Myocardial ischemia during normoxia reduced systolic shortening to 10.9 +/- 5.3% in the ischemic zone.
Hyperoxia increased ischemic zone systolic shortening substantially to 15.2 +/- 4.6%. During
myocardial ischemia, endocardial blood flow was decreased to 0.26 +/- 0.06 ml.g-1.min-1 in the ischemic zone. During
hyperoxia, endocardial blood flow rose to 0.34 +/- 0.10 ml.g-1.m-1. The endocardial: epicardial flow ratio was 0.45 +/- 0.18 in the initial
ischemia period and rose to 0.61 +/- 0.23 in the hyperoxic period.

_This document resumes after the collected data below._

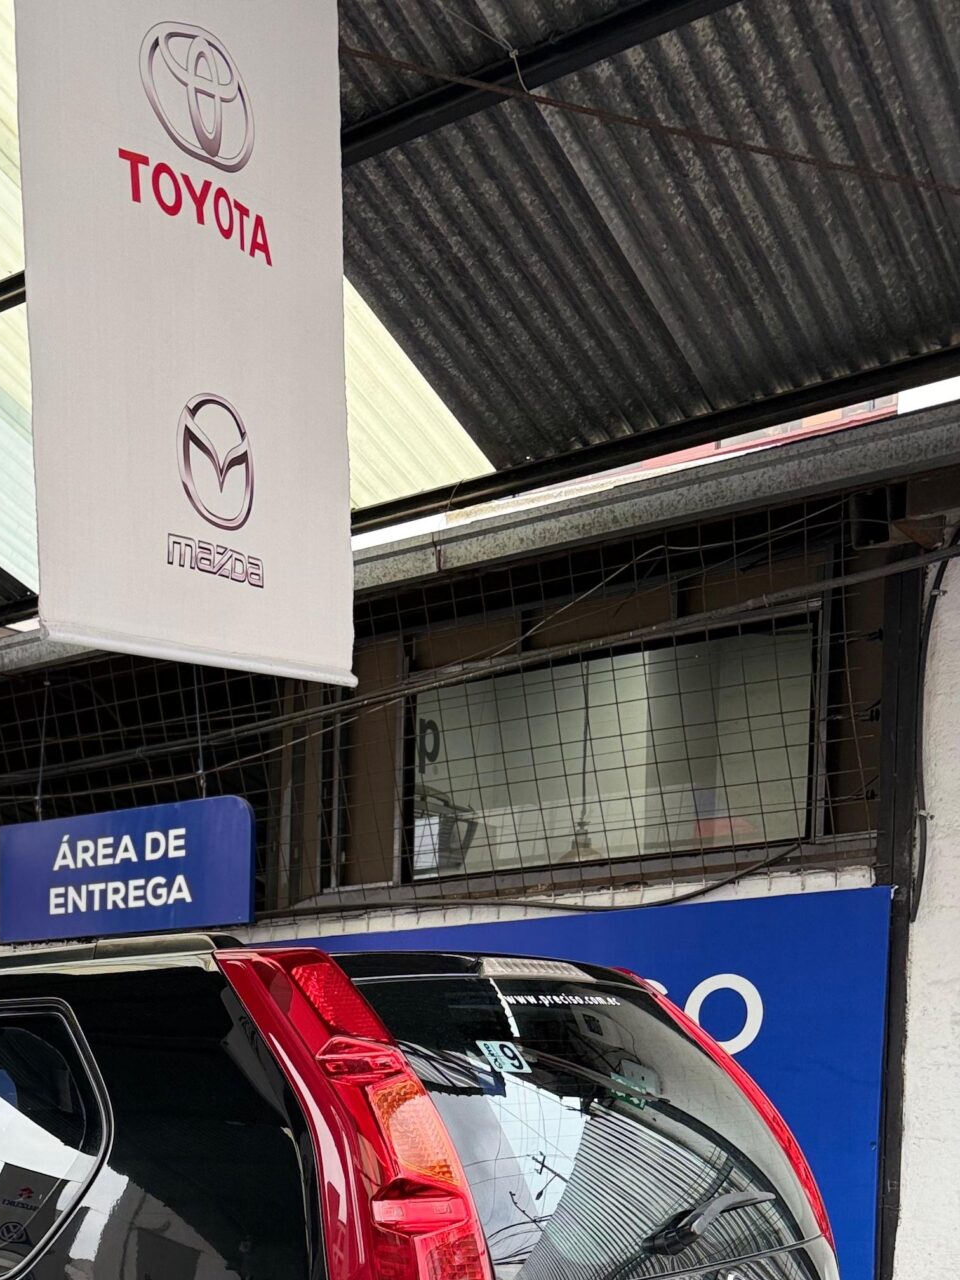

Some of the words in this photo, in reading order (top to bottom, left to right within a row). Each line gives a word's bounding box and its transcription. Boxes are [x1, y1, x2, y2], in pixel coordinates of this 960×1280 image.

[118, 147, 273, 267] TOYOTA
[53, 834, 137, 872] ÁREA
[144, 828, 187, 861] DE
[49, 875, 192, 916] ENTREGA
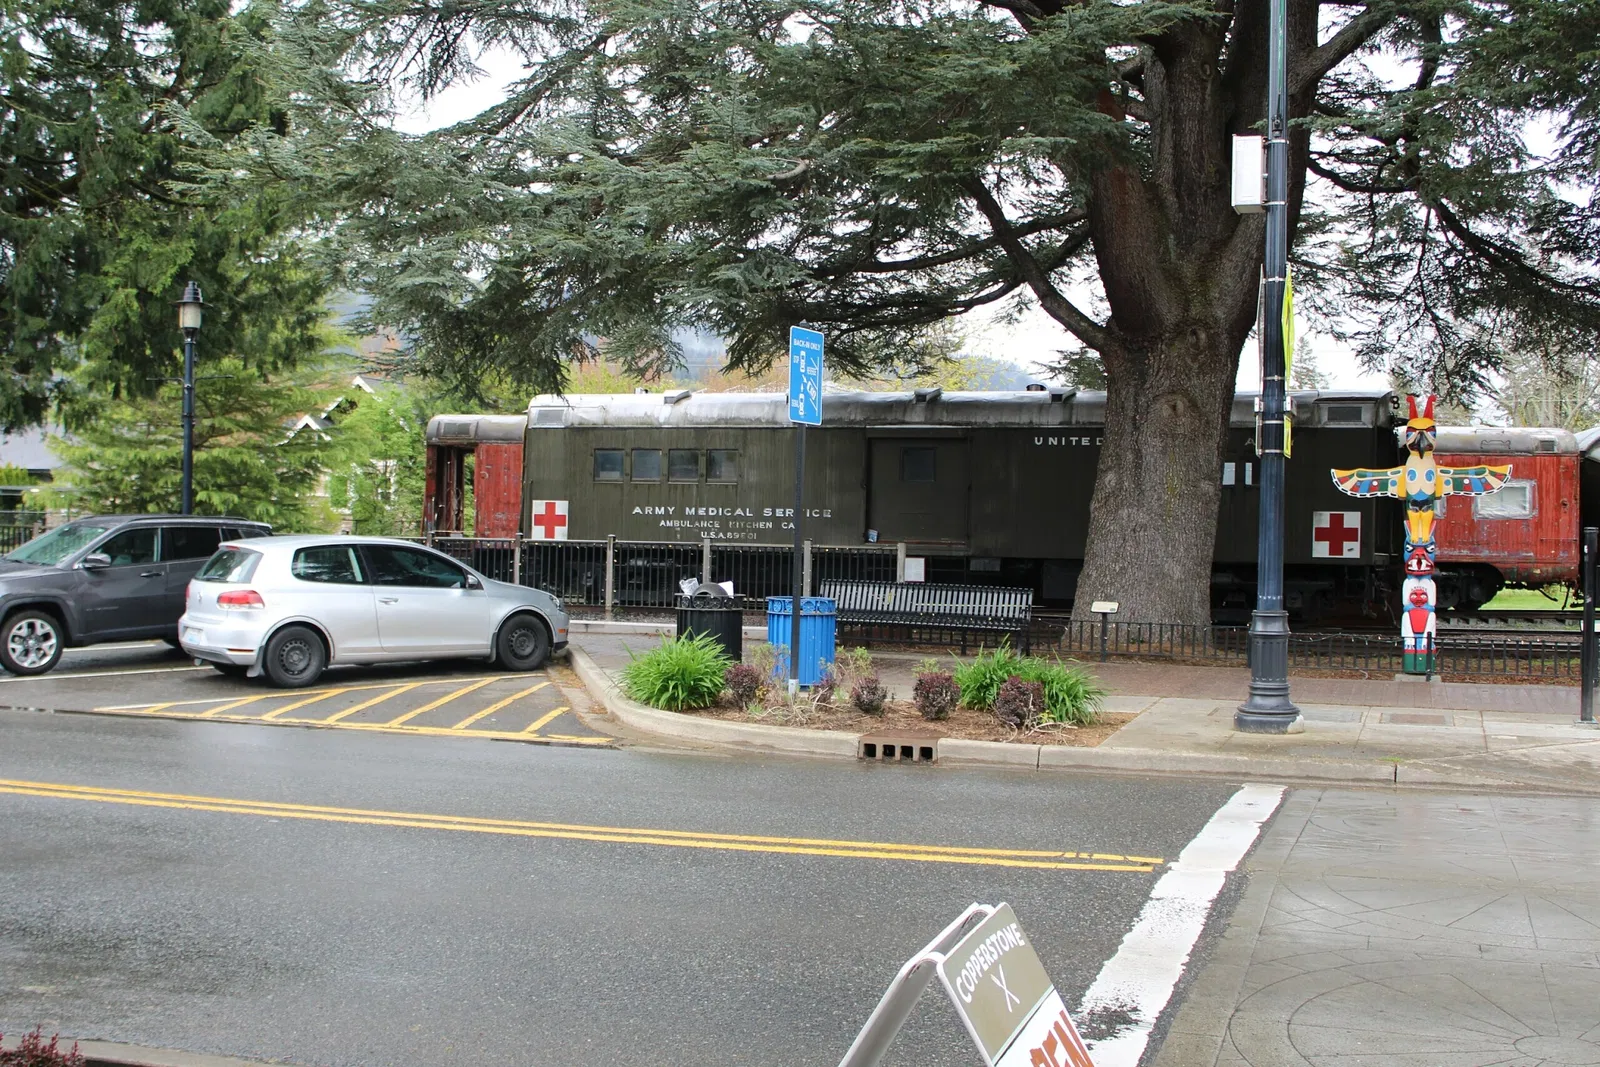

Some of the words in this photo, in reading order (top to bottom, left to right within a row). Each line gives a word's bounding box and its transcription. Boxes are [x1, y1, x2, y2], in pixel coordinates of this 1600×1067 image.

[632, 506, 676, 515] ARMY
[685, 506, 754, 517] MEDICAL
[763, 507, 832, 518] SERICE
[659, 519, 721, 528] AMBULANCE
[728, 520, 773, 529] KITCHEN
[781, 522, 796, 530] CA
[955, 922, 1026, 1004] COPPERSTONE
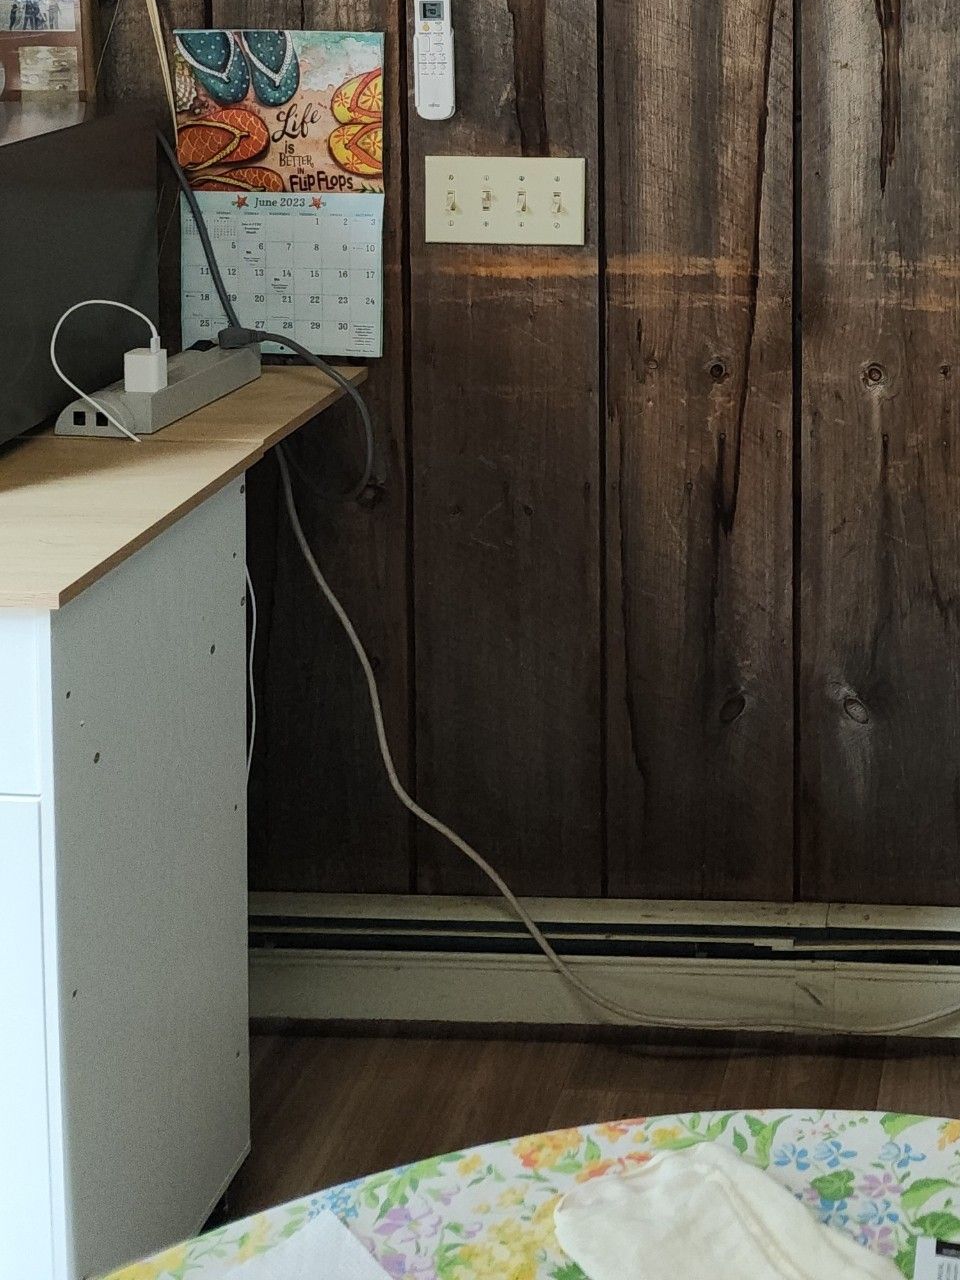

Myocardial ischemia increased regional uptake of
glucose, conversion of
glucose to released
lactate, and net myocardial
lactate release. In the ischemic myocardium, coronary
hyperoxia decreased both chemically measured
lactate production and isotopically measured
lactate release and decreased
glucose extraction and the conversion of
glucose to
lactate.
CONCLUSIONS: These data demonstrate for the first time that increasing arterial PO2 to high levels during acute low-flow
myocardial ischemia improves both function and flow distribution in the ischemic myocardium and decreases glycolytic metabolism in the ischemic zone. The degree of improvement in contractile function (5% absolute increase in systolic shortening or 25% change normalized to preischemic values) is consistent with the observed increase in subendocardial blood flow.